DESCRIPTION OF THE TASK: Each record needs to be transcribed word for word, though without its pictures.
◆ ◆ ◆ ◆
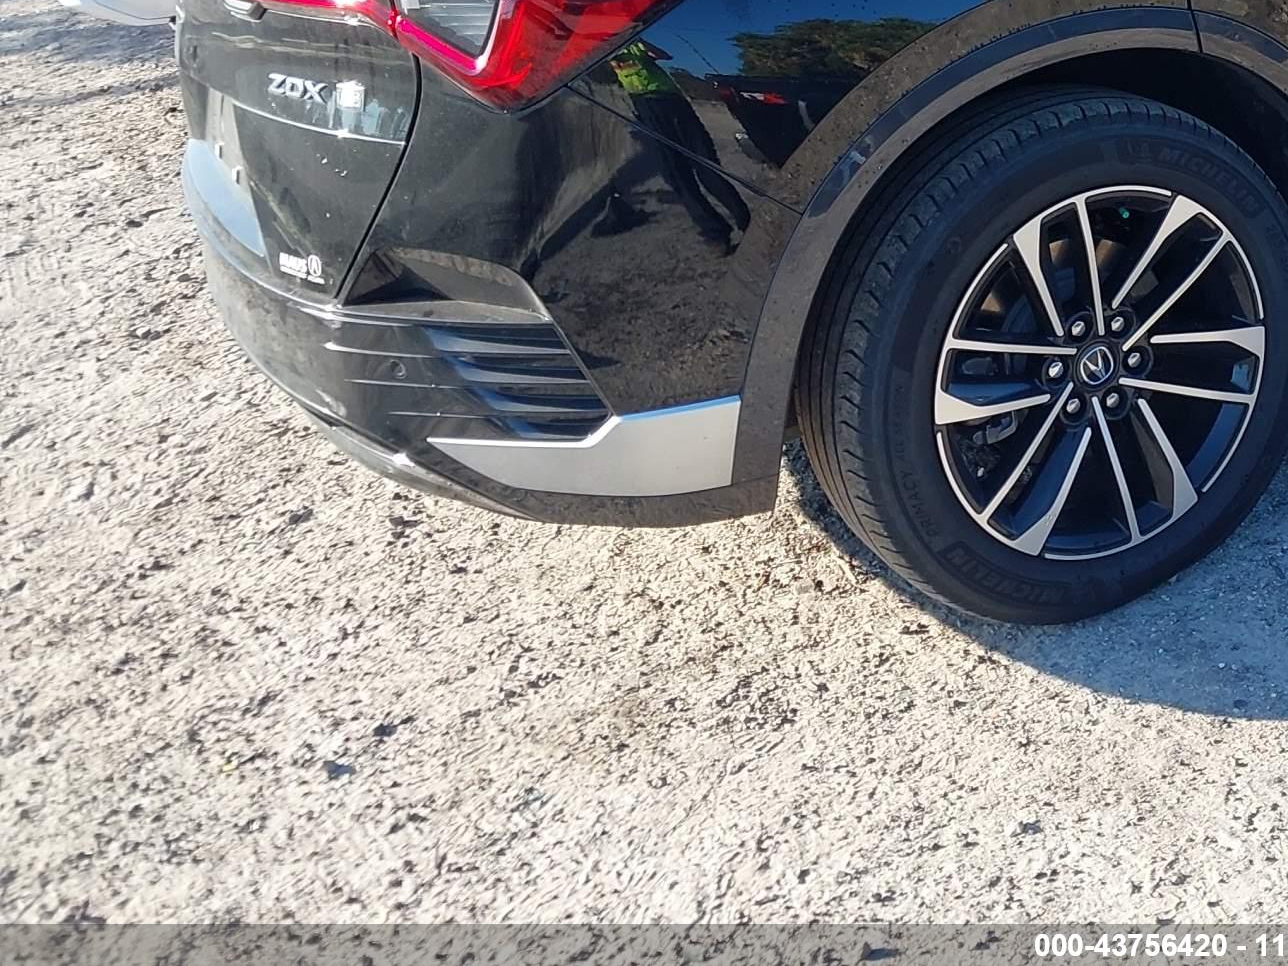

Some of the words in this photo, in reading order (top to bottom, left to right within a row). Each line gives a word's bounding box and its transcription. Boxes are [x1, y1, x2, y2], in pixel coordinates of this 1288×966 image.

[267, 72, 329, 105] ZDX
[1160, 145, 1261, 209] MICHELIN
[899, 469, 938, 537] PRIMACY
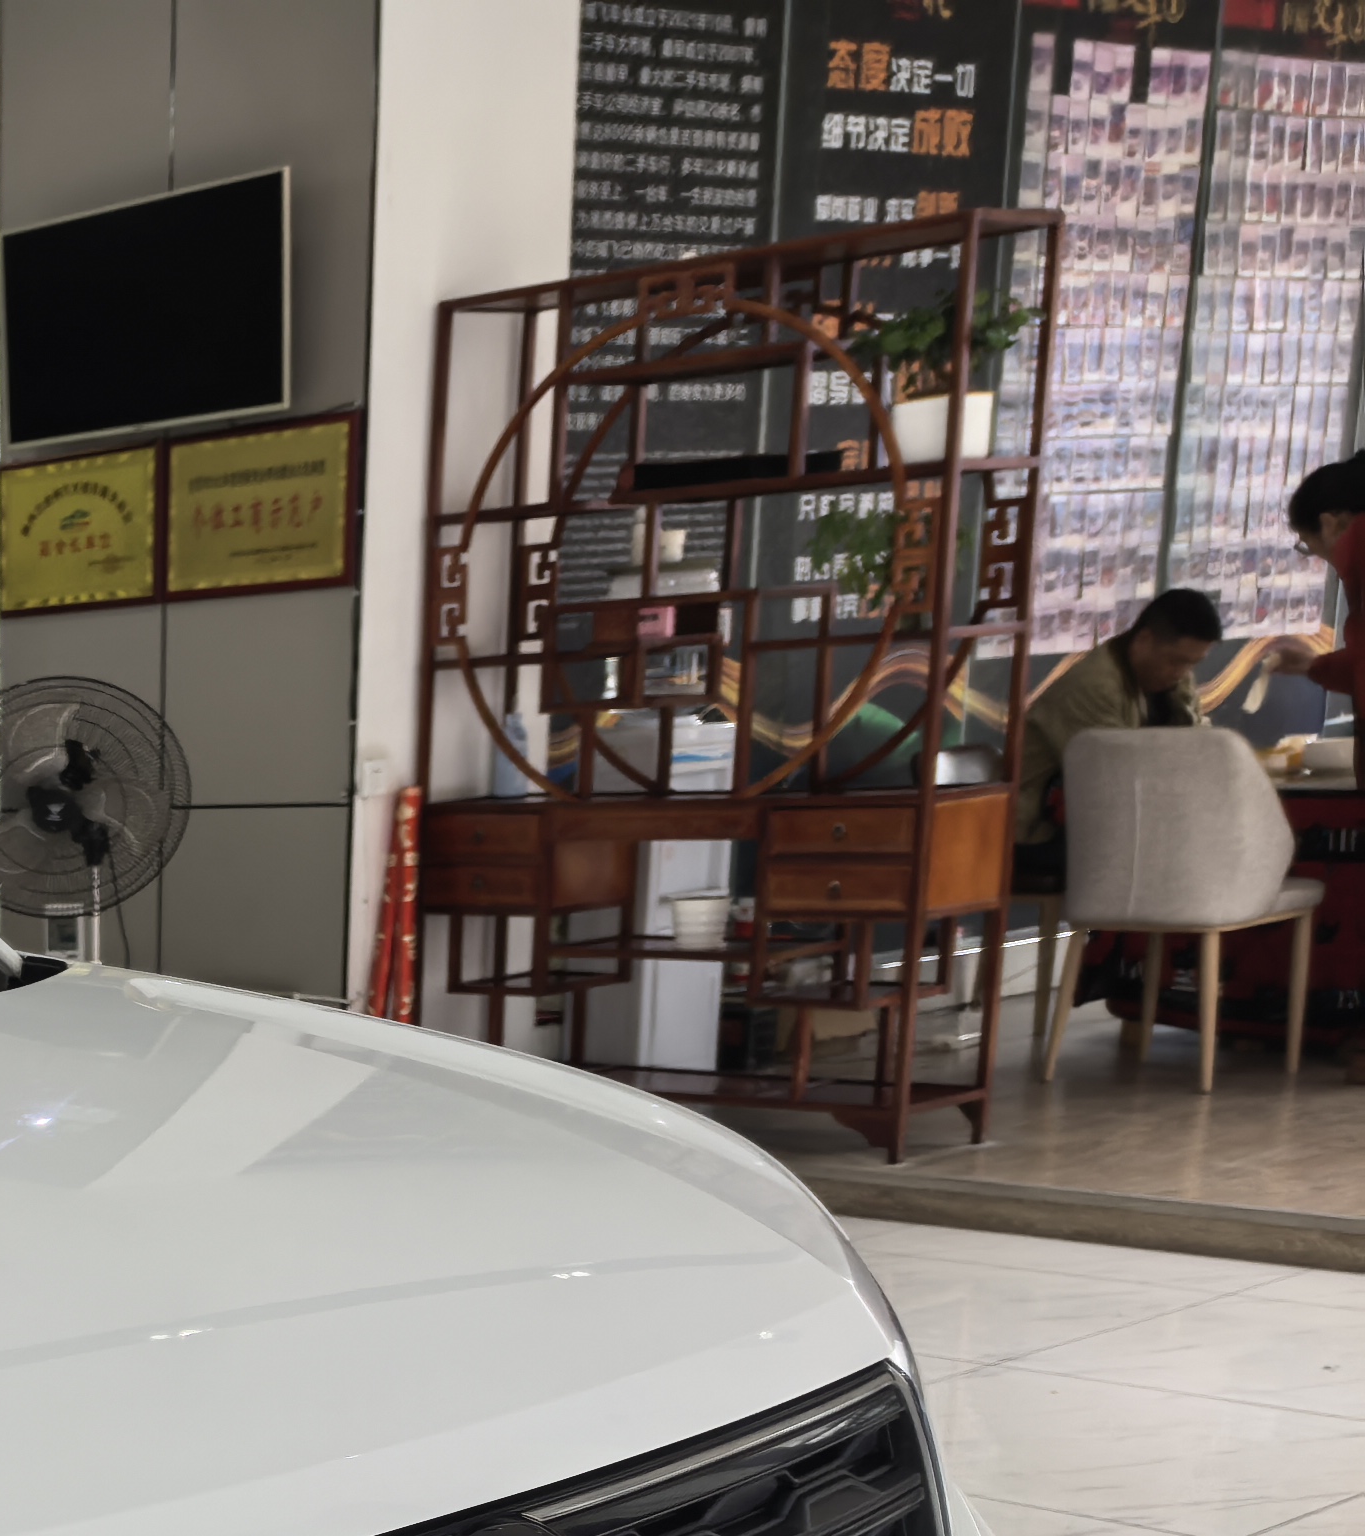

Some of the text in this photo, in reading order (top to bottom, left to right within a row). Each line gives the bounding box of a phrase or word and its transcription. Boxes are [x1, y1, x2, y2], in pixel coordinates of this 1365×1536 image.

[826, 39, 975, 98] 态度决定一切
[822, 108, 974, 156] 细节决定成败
◆ ◆ ◆ ◆
REPLY TO THE EXERCISE:
Some of the words in this photo, in reading order (top to bottom, left to right within a row). Each line gives a word's bounding box and its transcription. Boxes are [x1, y1, x2, y2], in pixel coordinates of this 1288×966 image.

[267, 72, 329, 105] ZDX
[1160, 145, 1261, 209] MICHELIN
[899, 469, 938, 537] PRIMACY

Some of the text in this photo, in reading order (top to bottom, left to right within a row). Each line gives the bounding box of a phrase or word and its transcription. Boxes are [x1, y1, x2, y2], in pixel coordinates of this 1365×1536 image.

[826, 39, 975, 98] 态度决定一切
[822, 108, 974, 156] 细节决定成败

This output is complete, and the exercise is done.